According to Samaritans’ last annual report, an UK registered charity aimed at providing support to anyone in emotional distress, every year about 200 people throw themselves in front of a train in the Netherlands, leaving the country in the 4th position in the European railways suicidal ranking. The suicide rate in the Netherlands is not that bad, around 0,0098% per year, but currently 12% of them are rail-related…
Sunny morning of May 3rd 2013. I was at Bergen op Zoom train station, but my train didn’t show up. I heard an announcement from the station speakers – in Dutch! What the hell are they saying??? Is my train coming or not? Was it cancelled? Is it broken? Is it being fixed or replaced? When is it coming?

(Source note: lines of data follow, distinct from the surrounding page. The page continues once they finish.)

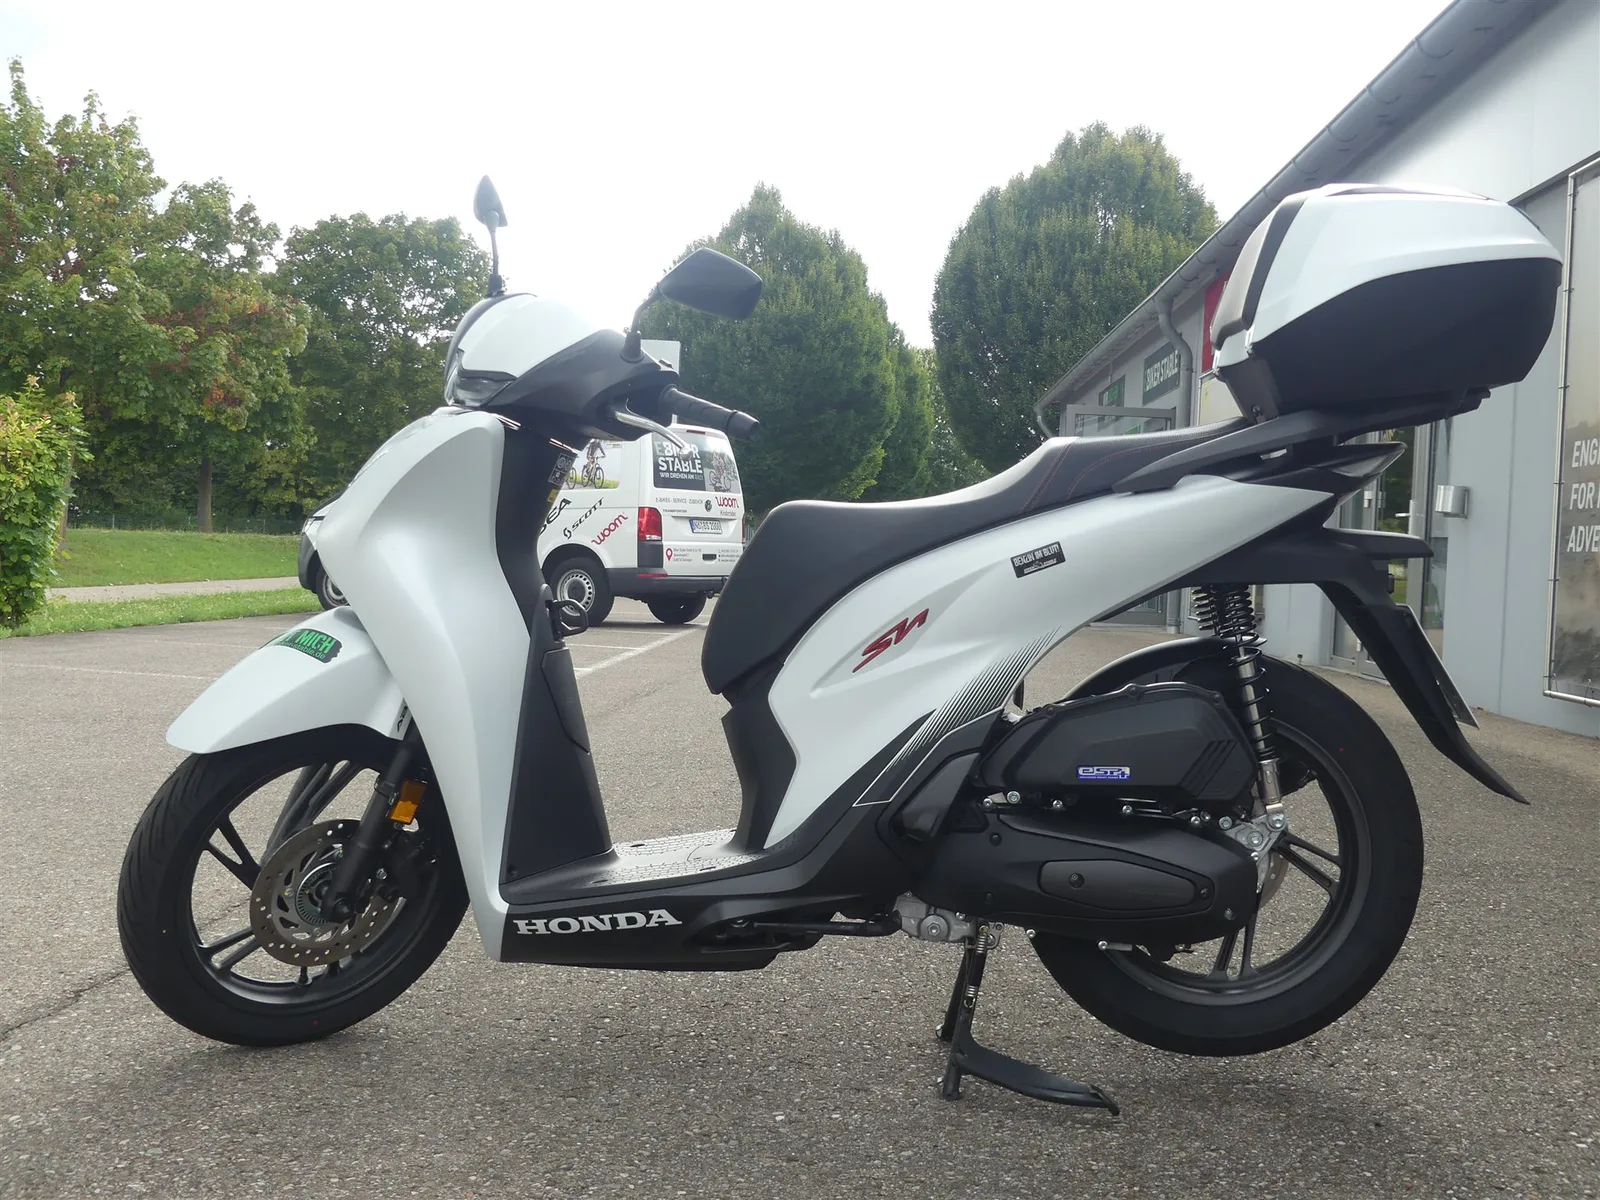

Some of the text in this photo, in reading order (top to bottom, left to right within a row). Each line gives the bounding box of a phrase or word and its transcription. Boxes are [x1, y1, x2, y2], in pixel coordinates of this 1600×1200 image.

[1160, 349, 1178, 383] STABLE
[654, 442, 700, 459] EBIR
[658, 457, 703, 473] STABLE
[715, 496, 739, 508] woom
[1569, 482, 1595, 510] FOR
[572, 497, 604, 532] SCOTT
[591, 514, 628, 545] woom
[1013, 552, 1035, 567] BENZIN
[1034, 550, 1044, 560] IM
[1042, 543, 1060, 557] BLUT!
[295, 630, 337, 654] MICH
[513, 908, 682, 935] HONDA

What am I supposed to do??????
I was just about to panic when I saw a few familiar faces popping up on the platform: the Heepsters I’ve met the day before were going back home. Hahaha awesome!! Heepvention at the train station!!!Corroborating the statistics, my friends explained to me that some hapless soul had decided to use my train to write down a last dot in his lifetime, that the high-speed train I was supposed to catch straight to Amsterdam wouldn’t come so early (misfortunes like this may take several hours to be cleared), and the more advisable in this situation would be to embark on an intercity train, far more time consuming but more reliable.

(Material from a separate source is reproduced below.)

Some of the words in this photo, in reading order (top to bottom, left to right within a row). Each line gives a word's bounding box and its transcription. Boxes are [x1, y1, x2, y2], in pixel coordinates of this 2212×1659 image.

When I finally arrived Netherland’s capital with a two-hours delay and got a wifi connection, from my inbox I read a desperate message from my mom: ‘What happened??? Where are you now?? Someone named Krokus has called us looking for you… Who is this person? Are you in trouble??‘
Lesson learned: You can’t plan everything. All of a sudden things beyond your control are gonna happen. But there will always be someone nearby willing to help a traveler. Relax mom…

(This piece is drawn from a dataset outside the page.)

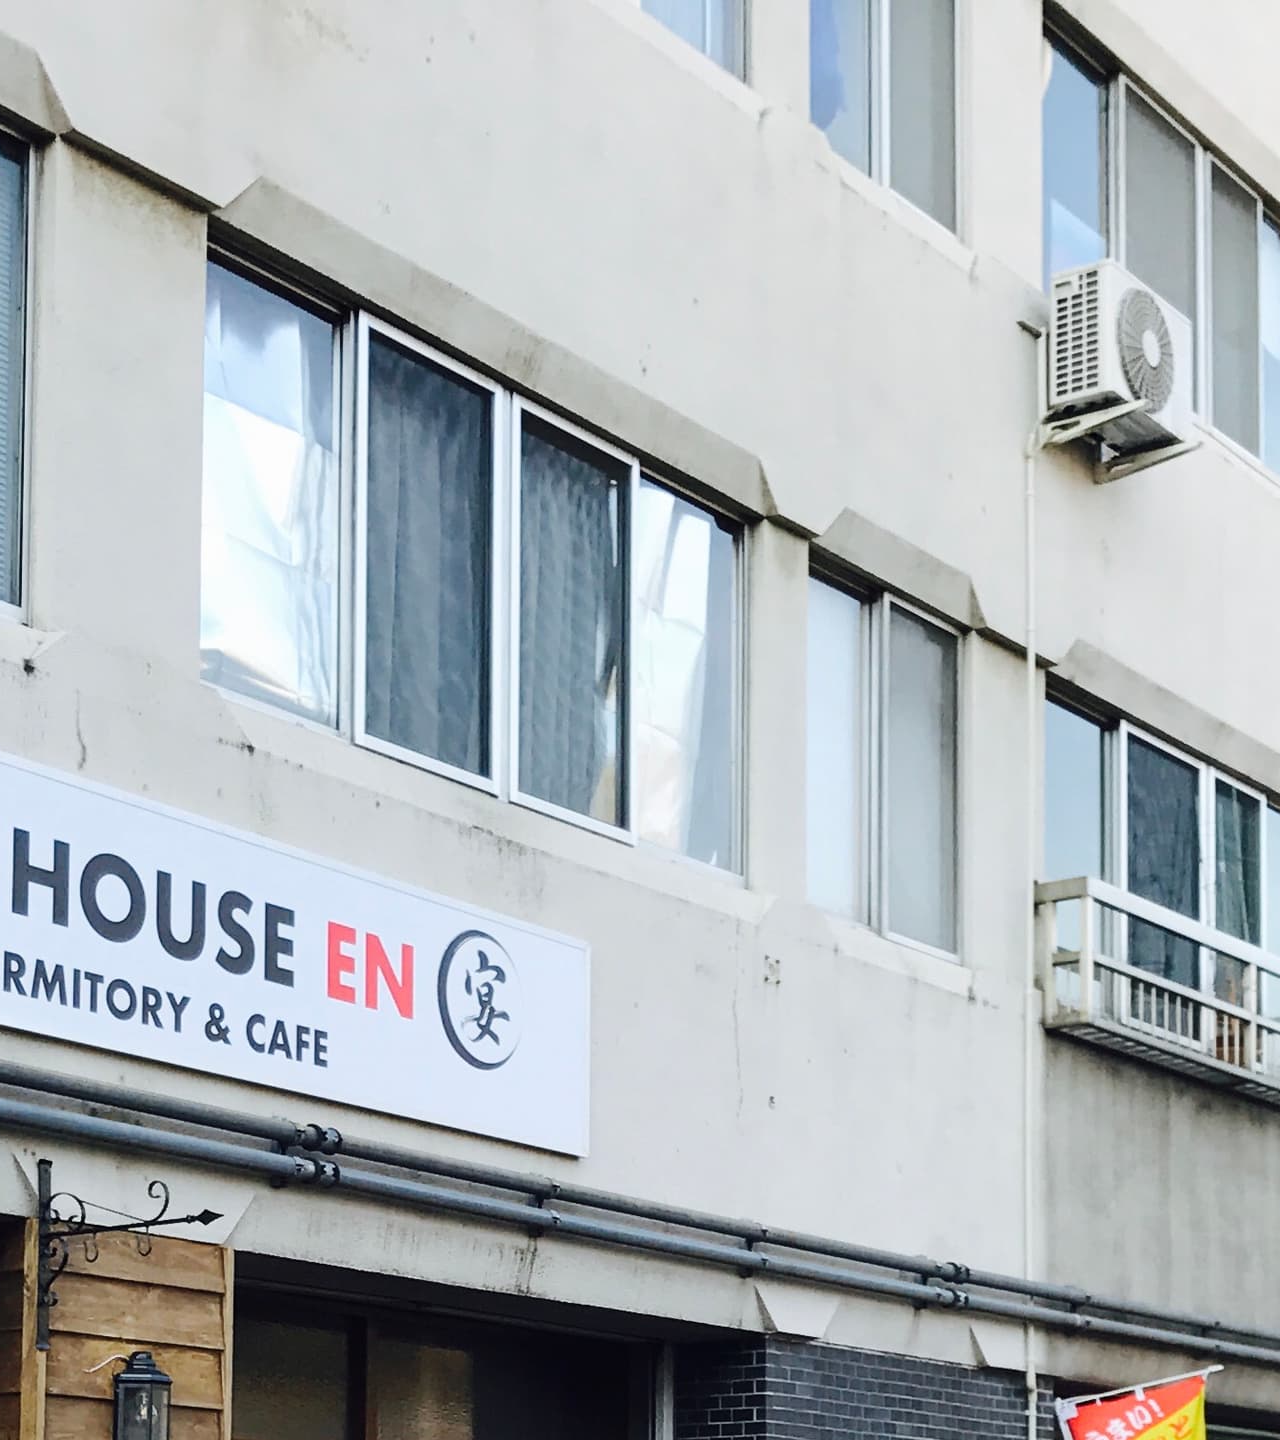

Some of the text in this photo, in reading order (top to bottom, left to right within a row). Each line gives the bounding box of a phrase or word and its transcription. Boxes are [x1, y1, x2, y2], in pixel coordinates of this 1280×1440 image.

[11, 828, 296, 988] HOUSE
[327, 921, 416, 1020] EN
[205, 1002, 232, 1043] &
[247, 1014, 330, 1069] CAFE

Before going forward with my adventures and misadventures in Amsterdam, I will make a bracket with some curious information about the Netherlands:
1- Social tolerance. The country is famous for its liberal policy towards homosexuality and prostitution (gay marriage and prostitution are legalized), euthanasia and abortion are allowed (which doesn’t mean you can stab your sick grandmother without legal authorization), the consumption of soft drugs like marijuana is tolerated, in a controlled manner. And all these don’t make the country a mess. Rather, it is one of the most civilized in the world, the revelers typically being tourists and not Dutch. Amsterdam is the primary travel destination of young Europeans in time to celebrate the early spring, bachelor parties, graduations, holidays, and so on. Live your life out the way you want, but don’t you dare to disturb the others.
2- Demography. With nearly 17 million people living in 41,543 square km (405 inhabitants per sq km), the Netherlands is the 10th most populous country in Europe and 24th in density in the world. And almost half of all these people are concentrated around 3 cities: Amsterdam, The Hague and Rotterdam.
3- Geography. Holland is extremely flat (it practically has no mountains) and 40% of the country is below the sea level. Amsterdam has 1,281 bridges and 2,500 houseboats, which makes sense since 24% of the city area is made of water.
4- Transportation. Just like 2 plus 2 is 4, an overpopulation of 17 million + flat terrain = bikes. The Netherlands have more than 15,000 bicycle lanes, and there are so many bikes as inhabitants. In fact, there are more bikes in Amsterdam (880 000) than residents (810,000). If you are planning to visit the city and you don’t fear the metallic swarms buzzing wildly in all directions, you can join the crowd renting a bike per day. If you’re not a bicycle enthusiast, you can catch a bus, a subway, a tram (streetcars) or a taxi – there are plenty of options and the majority of drivers speak English.
5 – Have you ever had the impression that the Dutch are very tall? Yeah, they are the tallest people in the world, with an average height of 1.81 m (5 ft 11.3 in) for males and 1.67 m (5 ft 5.7 in) for females.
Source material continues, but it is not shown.